= Beginning of Section =

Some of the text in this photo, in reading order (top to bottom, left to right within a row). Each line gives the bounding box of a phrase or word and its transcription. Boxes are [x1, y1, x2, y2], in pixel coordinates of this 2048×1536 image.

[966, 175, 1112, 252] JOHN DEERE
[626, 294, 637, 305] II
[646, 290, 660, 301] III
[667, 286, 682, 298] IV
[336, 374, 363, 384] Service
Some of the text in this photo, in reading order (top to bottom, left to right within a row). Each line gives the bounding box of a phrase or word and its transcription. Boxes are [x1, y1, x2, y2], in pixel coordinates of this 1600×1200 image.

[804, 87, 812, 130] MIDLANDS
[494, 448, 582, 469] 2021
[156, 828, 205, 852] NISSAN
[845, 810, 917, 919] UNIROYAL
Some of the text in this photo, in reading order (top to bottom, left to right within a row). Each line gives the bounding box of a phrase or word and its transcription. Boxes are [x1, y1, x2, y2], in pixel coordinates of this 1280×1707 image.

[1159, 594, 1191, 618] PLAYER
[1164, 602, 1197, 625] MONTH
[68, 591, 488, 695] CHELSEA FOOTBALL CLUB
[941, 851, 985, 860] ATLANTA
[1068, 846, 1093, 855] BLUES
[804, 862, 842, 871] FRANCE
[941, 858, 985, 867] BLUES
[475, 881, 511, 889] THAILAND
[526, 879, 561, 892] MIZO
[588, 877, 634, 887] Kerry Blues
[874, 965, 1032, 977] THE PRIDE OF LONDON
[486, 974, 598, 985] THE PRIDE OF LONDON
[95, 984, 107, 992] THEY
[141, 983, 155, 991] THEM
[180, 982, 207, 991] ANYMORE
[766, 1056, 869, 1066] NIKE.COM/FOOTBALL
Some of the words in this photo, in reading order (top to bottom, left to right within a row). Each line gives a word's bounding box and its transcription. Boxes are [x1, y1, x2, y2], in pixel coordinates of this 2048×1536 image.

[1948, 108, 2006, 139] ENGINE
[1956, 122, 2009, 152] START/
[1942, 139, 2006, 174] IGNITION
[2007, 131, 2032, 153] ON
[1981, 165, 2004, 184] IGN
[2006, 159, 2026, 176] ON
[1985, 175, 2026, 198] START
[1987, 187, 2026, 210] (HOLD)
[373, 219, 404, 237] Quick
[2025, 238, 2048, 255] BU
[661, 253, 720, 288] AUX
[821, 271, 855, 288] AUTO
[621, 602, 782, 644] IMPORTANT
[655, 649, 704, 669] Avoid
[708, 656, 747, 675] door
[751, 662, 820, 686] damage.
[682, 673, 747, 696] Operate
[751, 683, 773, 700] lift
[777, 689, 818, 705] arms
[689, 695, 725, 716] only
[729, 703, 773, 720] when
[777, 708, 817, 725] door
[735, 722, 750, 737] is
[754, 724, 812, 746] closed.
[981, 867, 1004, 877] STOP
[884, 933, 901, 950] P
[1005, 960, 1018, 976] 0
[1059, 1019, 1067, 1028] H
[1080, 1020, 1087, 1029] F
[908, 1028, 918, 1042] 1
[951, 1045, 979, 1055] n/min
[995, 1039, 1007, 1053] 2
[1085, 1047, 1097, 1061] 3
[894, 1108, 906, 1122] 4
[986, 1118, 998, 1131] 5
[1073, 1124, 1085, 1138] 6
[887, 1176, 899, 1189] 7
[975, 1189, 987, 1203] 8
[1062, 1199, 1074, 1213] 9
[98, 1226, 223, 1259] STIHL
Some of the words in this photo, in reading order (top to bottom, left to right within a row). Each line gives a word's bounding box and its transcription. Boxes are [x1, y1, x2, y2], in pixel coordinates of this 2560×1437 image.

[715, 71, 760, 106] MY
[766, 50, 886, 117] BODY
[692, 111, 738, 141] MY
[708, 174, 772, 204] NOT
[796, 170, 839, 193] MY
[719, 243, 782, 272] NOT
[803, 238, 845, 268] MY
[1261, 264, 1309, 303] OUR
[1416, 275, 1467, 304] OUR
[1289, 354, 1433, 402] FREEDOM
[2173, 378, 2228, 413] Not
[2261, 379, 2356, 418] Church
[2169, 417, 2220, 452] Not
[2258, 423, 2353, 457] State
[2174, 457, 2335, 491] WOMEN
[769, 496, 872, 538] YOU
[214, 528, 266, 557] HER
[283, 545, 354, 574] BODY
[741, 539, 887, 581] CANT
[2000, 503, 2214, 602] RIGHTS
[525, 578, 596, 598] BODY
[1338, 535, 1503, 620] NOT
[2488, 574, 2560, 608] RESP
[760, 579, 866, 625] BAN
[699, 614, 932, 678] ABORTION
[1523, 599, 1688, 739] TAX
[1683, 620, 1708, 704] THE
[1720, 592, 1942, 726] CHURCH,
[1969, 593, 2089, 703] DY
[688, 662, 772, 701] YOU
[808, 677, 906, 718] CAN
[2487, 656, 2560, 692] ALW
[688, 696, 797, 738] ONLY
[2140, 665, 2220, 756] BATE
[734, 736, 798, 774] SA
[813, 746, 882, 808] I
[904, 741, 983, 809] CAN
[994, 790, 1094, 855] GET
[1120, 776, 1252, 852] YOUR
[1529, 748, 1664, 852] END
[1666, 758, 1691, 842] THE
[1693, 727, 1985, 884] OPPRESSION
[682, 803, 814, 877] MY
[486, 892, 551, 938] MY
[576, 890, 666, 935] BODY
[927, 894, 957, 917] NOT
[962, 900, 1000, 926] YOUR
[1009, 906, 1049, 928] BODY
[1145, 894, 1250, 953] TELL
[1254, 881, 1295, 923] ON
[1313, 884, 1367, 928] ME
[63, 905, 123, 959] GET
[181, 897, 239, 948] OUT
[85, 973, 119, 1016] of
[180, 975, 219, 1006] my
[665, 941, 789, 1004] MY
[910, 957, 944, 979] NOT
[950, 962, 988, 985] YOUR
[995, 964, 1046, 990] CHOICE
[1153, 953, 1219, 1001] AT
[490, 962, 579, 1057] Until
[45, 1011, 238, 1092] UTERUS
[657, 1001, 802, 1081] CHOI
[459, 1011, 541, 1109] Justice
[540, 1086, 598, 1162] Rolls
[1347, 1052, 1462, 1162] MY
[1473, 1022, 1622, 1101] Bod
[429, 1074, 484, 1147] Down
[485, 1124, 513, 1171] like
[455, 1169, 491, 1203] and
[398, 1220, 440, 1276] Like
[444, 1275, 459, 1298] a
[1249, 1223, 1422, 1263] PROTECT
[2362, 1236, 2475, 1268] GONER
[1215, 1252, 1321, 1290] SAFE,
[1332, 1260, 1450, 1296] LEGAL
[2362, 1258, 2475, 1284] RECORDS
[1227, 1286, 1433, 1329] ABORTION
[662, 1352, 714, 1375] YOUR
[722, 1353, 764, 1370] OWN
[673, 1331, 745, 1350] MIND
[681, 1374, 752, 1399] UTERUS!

= End of Section =

**Exercise aim:** What is needed is an exact reproduction of the data.

**Task result:**
Some of the text in this photo, in reading order (top to bottom, left to right within a row). Each line gives the bounding box of a phrase or word and its transcription. Boxes are [x1, y1, x2, y2], in pixel coordinates of this 2048×1536 image.

[966, 175, 1112, 252] JOHN DEERE
[626, 294, 637, 305] II
[646, 290, 660, 301] III
[667, 286, 682, 298] IV
[336, 374, 363, 384] Service
Some of the text in this photo, in reading order (top to bottom, left to right within a row). Each line gives the bounding box of a phrase or word and its transcription. Boxes are [x1, y1, x2, y2], in pixel coordinates of this 1600×1200 image.

[804, 87, 812, 130] MIDLANDS
[494, 448, 582, 469] 2021
[156, 828, 205, 852] NISSAN
[845, 810, 917, 919] UNIROYAL
Some of the text in this photo, in reading order (top to bottom, left to right within a row). Each line gives the bounding box of a phrase or word and its transcription. Boxes are [x1, y1, x2, y2], in pixel coordinates of this 1280×1707 image.

[1159, 594, 1191, 618] PLAYER
[1164, 602, 1197, 625] MONTH
[68, 591, 488, 695] CHELSEA FOOTBALL CLUB
[941, 851, 985, 860] ATLANTA
[1068, 846, 1093, 855] BLUES
[804, 862, 842, 871] FRANCE
[941, 858, 985, 867] BLUES
[475, 881, 511, 889] THAILAND
[526, 879, 561, 892] MIZO
[588, 877, 634, 887] Kerry Blues
[874, 965, 1032, 977] THE PRIDE OF LONDON
[486, 974, 598, 985] THE PRIDE OF LONDON
[95, 984, 107, 992] THEY
[141, 983, 155, 991] THEM
[180, 982, 207, 991] ANYMORE
[766, 1056, 869, 1066] NIKE.COM/FOOTBALL
Some of the words in this photo, in reading order (top to bottom, left to right within a row). Each line gives a word's bounding box and its transcription. Boxes are [x1, y1, x2, y2], in pixel coordinates of this 2048×1536 image.

[1948, 108, 2006, 139] ENGINE
[1956, 122, 2009, 152] START/
[1942, 139, 2006, 174] IGNITION
[2007, 131, 2032, 153] ON
[1981, 165, 2004, 184] IGN
[2006, 159, 2026, 176] ON
[1985, 175, 2026, 198] START
[1987, 187, 2026, 210] (HOLD)
[373, 219, 404, 237] Quick
[2025, 238, 2048, 255] BU
[661, 253, 720, 288] AUX
[821, 271, 855, 288] AUTO
[621, 602, 782, 644] IMPORTANT
[655, 649, 704, 669] Avoid
[708, 656, 747, 675] door
[751, 662, 820, 686] damage.
[682, 673, 747, 696] Operate
[751, 683, 773, 700] lift
[777, 689, 818, 705] arms
[689, 695, 725, 716] only
[729, 703, 773, 720] when
[777, 708, 817, 725] door
[735, 722, 750, 737] is
[754, 724, 812, 746] closed.
[981, 867, 1004, 877] STOP
[884, 933, 901, 950] P
[1005, 960, 1018, 976] 0
[1059, 1019, 1067, 1028] H
[1080, 1020, 1087, 1029] F
[908, 1028, 918, 1042] 1
[951, 1045, 979, 1055] n/min
[995, 1039, 1007, 1053] 2
[1085, 1047, 1097, 1061] 3
[894, 1108, 906, 1122] 4
[986, 1118, 998, 1131] 5
[1073, 1124, 1085, 1138] 6
[887, 1176, 899, 1189] 7
[975, 1189, 987, 1203] 8
[1062, 1199, 1074, 1213] 9
[98, 1226, 223, 1259] STIHL
Some of the words in this photo, in reading order (top to bottom, left to right within a row). Each line gives a word's bounding box and its transcription. Boxes are [x1, y1, x2, y2], in pixel coordinates of this 2560×1437 image.

[715, 71, 760, 106] MY
[766, 50, 886, 117] BODY
[692, 111, 738, 141] MY
[708, 174, 772, 204] NOT
[796, 170, 839, 193] MY
[719, 243, 782, 272] NOT
[803, 238, 845, 268] MY
[1261, 264, 1309, 303] OUR
[1416, 275, 1467, 304] OUR
[1289, 354, 1433, 402] FREEDOM
[2173, 378, 2228, 413] Not
[2261, 379, 2356, 418] Church
[2169, 417, 2220, 452] Not
[2258, 423, 2353, 457] State
[2174, 457, 2335, 491] WOMEN
[769, 496, 872, 538] YOU
[214, 528, 266, 557] HER
[283, 545, 354, 574] BODY
[741, 539, 887, 581] CANT
[2000, 503, 2214, 602] RIGHTS
[525, 578, 596, 598] BODY
[1338, 535, 1503, 620] NOT
[2488, 574, 2560, 608] RESP
[760, 579, 866, 625] BAN
[699, 614, 932, 678] ABORTION
[1523, 599, 1688, 739] TAX
[1683, 620, 1708, 704] THE
[1720, 592, 1942, 726] CHURCH,
[1969, 593, 2089, 703] DY
[688, 662, 772, 701] YOU
[808, 677, 906, 718] CAN
[2487, 656, 2560, 692] ALW
[688, 696, 797, 738] ONLY
[2140, 665, 2220, 756] BATE
[734, 736, 798, 774] SA
[813, 746, 882, 808] I
[904, 741, 983, 809] CAN
[994, 790, 1094, 855] GET
[1120, 776, 1252, 852] YOUR
[1529, 748, 1664, 852] END
[1666, 758, 1691, 842] THE
[1693, 727, 1985, 884] OPPRESSION
[682, 803, 814, 877] MY
[486, 892, 551, 938] MY
[576, 890, 666, 935] BODY
[927, 894, 957, 917] NOT
[962, 900, 1000, 926] YOUR
[1009, 906, 1049, 928] BODY
[1145, 894, 1250, 953] TELL
[1254, 881, 1295, 923] ON
[1313, 884, 1367, 928] ME
[63, 905, 123, 959] GET
[181, 897, 239, 948] OUT
[85, 973, 119, 1016] of
[180, 975, 219, 1006] my
[665, 941, 789, 1004] MY
[910, 957, 944, 979] NOT
[950, 962, 988, 985] YOUR
[995, 964, 1046, 990] CHOICE
[1153, 953, 1219, 1001] AT
[490, 962, 579, 1057] Until
[45, 1011, 238, 1092] UTERUS
[657, 1001, 802, 1081] CHOI
[459, 1011, 541, 1109] Justice
[540, 1086, 598, 1162] Rolls
[1347, 1052, 1462, 1162] MY
[1473, 1022, 1622, 1101] Bod
[429, 1074, 484, 1147] Down
[485, 1124, 513, 1171] like
[455, 1169, 491, 1203] and
[398, 1220, 440, 1276] Like
[444, 1275, 459, 1298] a
[1249, 1223, 1422, 1263] PROTECT
[2362, 1236, 2475, 1268] GONER
[1215, 1252, 1321, 1290] SAFE,
[1332, 1260, 1450, 1296] LEGAL
[2362, 1258, 2475, 1284] RECORDS
[1227, 1286, 1433, 1329] ABORTION
[662, 1352, 714, 1375] YOUR
[722, 1353, 764, 1370] OWN
[673, 1331, 745, 1350] MIND
[681, 1374, 752, 1399] UTERUS!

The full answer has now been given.